REQUIREMENT
An exact repetition of the data is required; no picture should appear in it.
─── THE INPUT
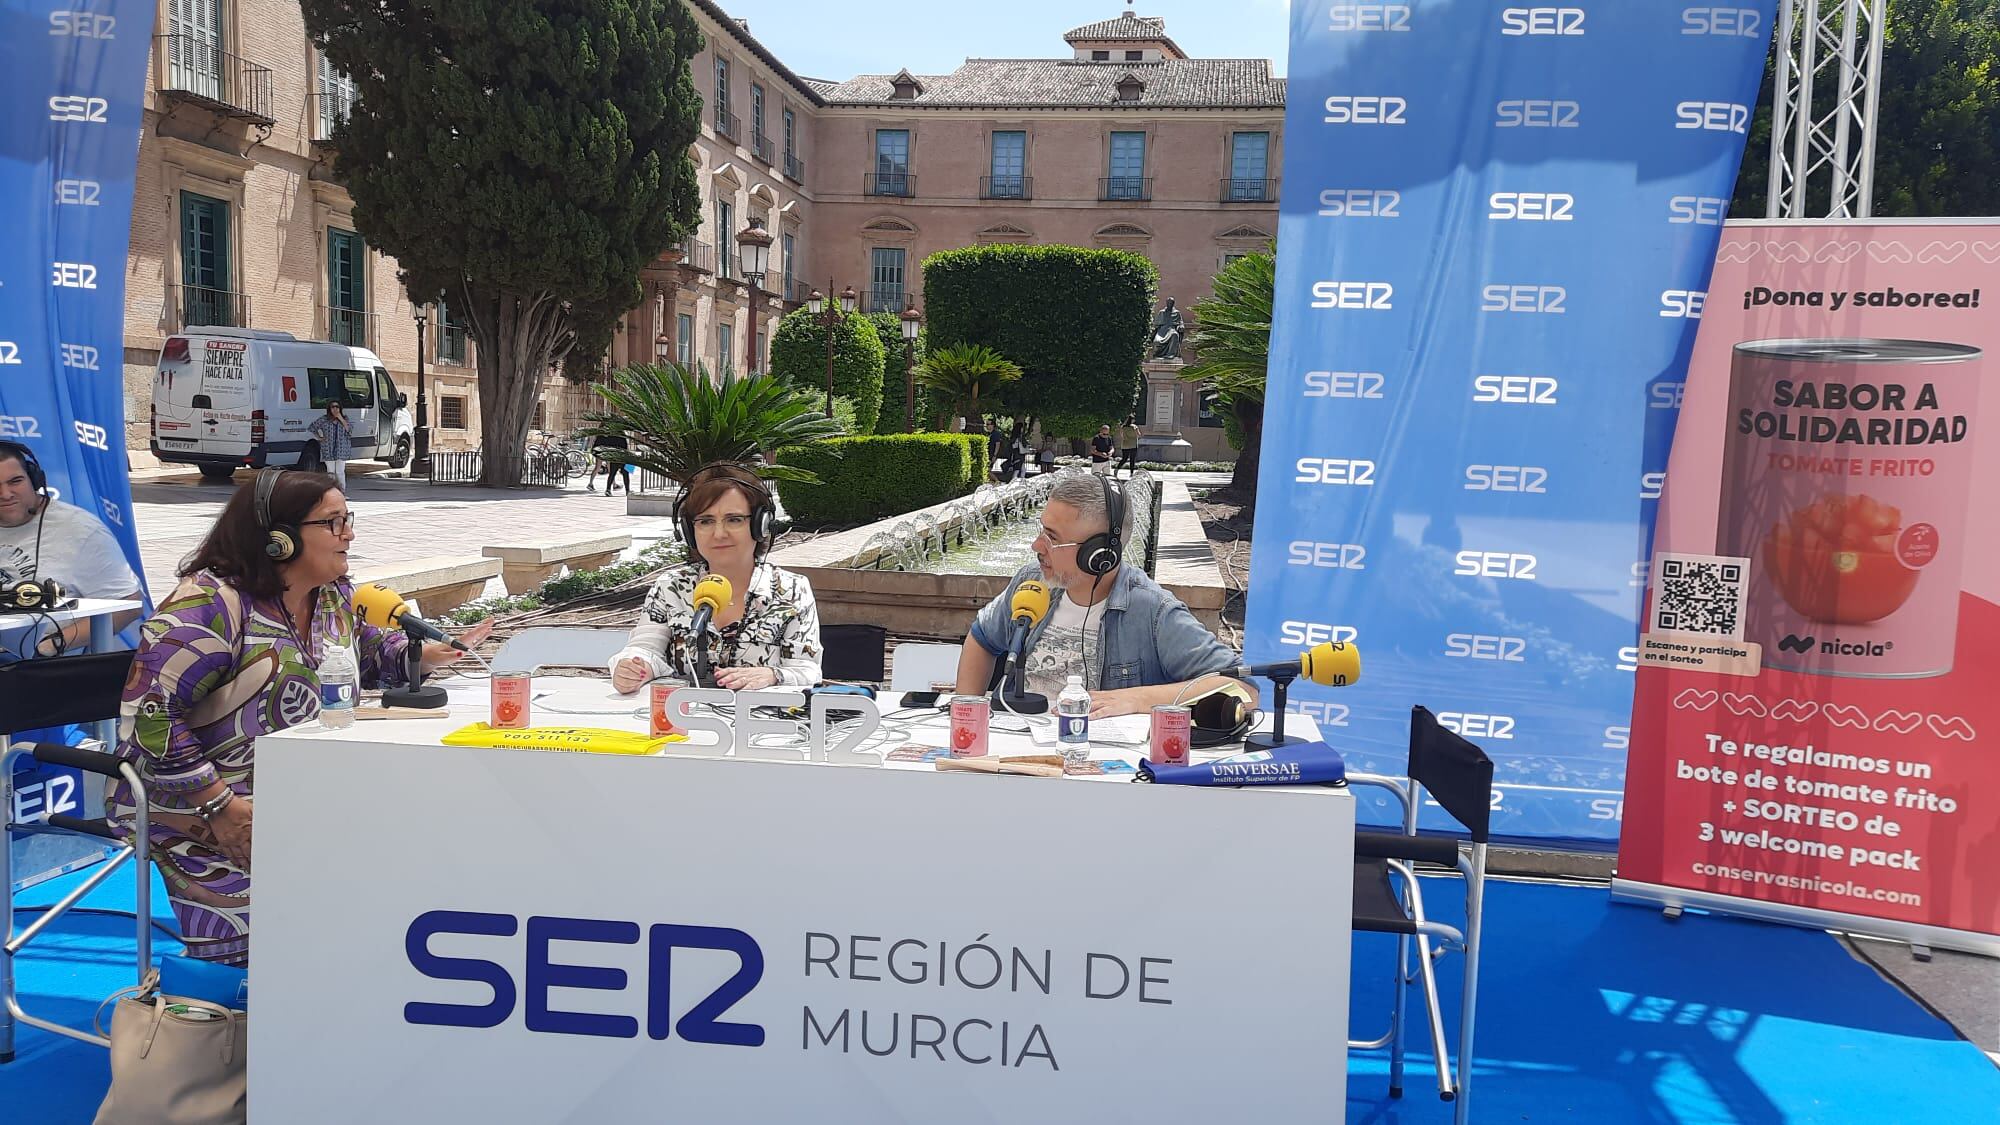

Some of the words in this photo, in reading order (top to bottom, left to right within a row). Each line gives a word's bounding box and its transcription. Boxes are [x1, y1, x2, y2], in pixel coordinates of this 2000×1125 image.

[49, 11, 116, 39] SER
[1329, 4, 1410, 32] SER
[1502, 7, 1585, 36] SER
[1681, 7, 1760, 38] SER
[50, 95, 108, 122] SER
[1324, 96, 1406, 125] SER
[1495, 100, 1580, 128] SER
[1675, 101, 1748, 134] SER
[1319, 189, 1400, 217] SER
[1488, 192, 1574, 221] SER
[1311, 281, 1392, 310] SER
[1481, 285, 1566, 313] SER
[1660, 290, 1708, 318] SE
[1744, 287, 1824, 310] ¡Dona
[1829, 291, 1848, 311] y
[1852, 288, 1981, 308] saborea!
[206, 349, 245, 367] SIEMPRE
[205, 365, 221, 379] HACE
[222, 366, 243, 381] FALTA
[1304, 371, 1384, 399] SER
[1473, 375, 1557, 404] SER
[1650, 382, 1686, 409] SE
[1773, 380, 1906, 411] SABOR
[1914, 383, 1939, 411] A
[74, 420, 108, 450] SER
[1738, 407, 1967, 445] SOLIDARIDAD
[1296, 457, 1375, 485] SER
[1464, 465, 1548, 494] SER
[1767, 453, 1863, 477] TOMATE
[1869, 458, 1935, 477] FRITO
[1288, 541, 1366, 570] SER
[1454, 550, 1537, 580] SER
[1445, 633, 1525, 663] SER
[1645, 652, 1657, 660] en
[1659, 653, 1668, 661] el
[1670, 655, 1704, 665] sorteo
[1646, 640, 1689, 652] Escanea
[1691, 644, 1697, 654] y
[1698, 646, 1747, 658] participa
[664, 687, 882, 766] SER
[1436, 711, 1515, 739] SER
[1211, 763, 1300, 776] UNIVERSAE
[1705, 733, 1738, 756] Te
[1743, 740, 1890, 774] regalamos
[1895, 761, 1931, 779] un
[1246, 775, 1277, 783] Superior
[1676, 759, 1739, 786] bote
[1744, 770, 1779, 791] de
[1784, 773, 1888, 806] tomate
[1895, 787, 1958, 814] frito
[1722, 800, 1738, 813] +
[1743, 799, 1859, 831] SORTEO
[1864, 817, 1901, 838] de
[1698, 822, 1714, 842] 3
[1720, 827, 1845, 860] welcome
[1850, 848, 1921, 871] pack
[1691, 861, 1922, 907] conservasnicola.com
[403, 909, 766, 1047] SER
[804, 932, 1053, 995] REGIÓN
[1084, 952, 1174, 1005] DE
[802, 1005, 1060, 1071] MURCIA
──────
ANSWER FOR THIS EXERCISE
Some of the words in this photo, in reading order (top to bottom, left to right within a row). Each line gives a word's bounding box and its transcription. Boxes are [x1, y1, x2, y2], in pixel coordinates of this 2000×1125 image.

[49, 11, 116, 39] SER
[1329, 4, 1410, 32] SER
[1502, 7, 1585, 36] SER
[1681, 7, 1760, 38] SER
[50, 95, 108, 122] SER
[1324, 96, 1406, 125] SER
[1495, 100, 1580, 128] SER
[1675, 101, 1748, 134] SER
[1319, 189, 1400, 217] SER
[1488, 192, 1574, 221] SER
[1311, 281, 1392, 310] SER
[1481, 285, 1566, 313] SER
[1660, 290, 1708, 318] SE
[1744, 287, 1824, 310] ¡Dona
[1829, 291, 1848, 311] y
[1852, 288, 1981, 308] saborea!
[206, 349, 245, 367] SIEMPRE
[205, 365, 221, 379] HACE
[222, 366, 243, 381] FALTA
[1304, 371, 1384, 399] SER
[1473, 375, 1557, 404] SER
[1650, 382, 1686, 409] SE
[1773, 380, 1906, 411] SABOR
[1914, 383, 1939, 411] A
[74, 420, 108, 450] SER
[1738, 407, 1967, 445] SOLIDARIDAD
[1296, 457, 1375, 485] SER
[1464, 465, 1548, 494] SER
[1767, 453, 1863, 477] TOMATE
[1869, 458, 1935, 477] FRITO
[1288, 541, 1366, 570] SER
[1454, 550, 1537, 580] SER
[1445, 633, 1525, 663] SER
[1645, 652, 1657, 660] en
[1659, 653, 1668, 661] el
[1670, 655, 1704, 665] sorteo
[1646, 640, 1689, 652] Escanea
[1691, 644, 1697, 654] y
[1698, 646, 1747, 658] participa
[664, 687, 882, 766] SER
[1436, 711, 1515, 739] SER
[1211, 763, 1300, 776] UNIVERSAE
[1705, 733, 1738, 756] Te
[1743, 740, 1890, 774] regalamos
[1895, 761, 1931, 779] un
[1246, 775, 1277, 783] Superior
[1676, 759, 1739, 786] bote
[1744, 770, 1779, 791] de
[1784, 773, 1888, 806] tomate
[1895, 787, 1958, 814] frito
[1722, 800, 1738, 813] +
[1743, 799, 1859, 831] SORTEO
[1864, 817, 1901, 838] de
[1698, 822, 1714, 842] 3
[1720, 827, 1845, 860] welcome
[1850, 848, 1921, 871] pack
[1691, 861, 1922, 907] conservasnicola.com
[403, 909, 766, 1047] SER
[804, 932, 1053, 995] REGIÓN
[1084, 952, 1174, 1005] DE
[802, 1005, 1060, 1071] MURCIA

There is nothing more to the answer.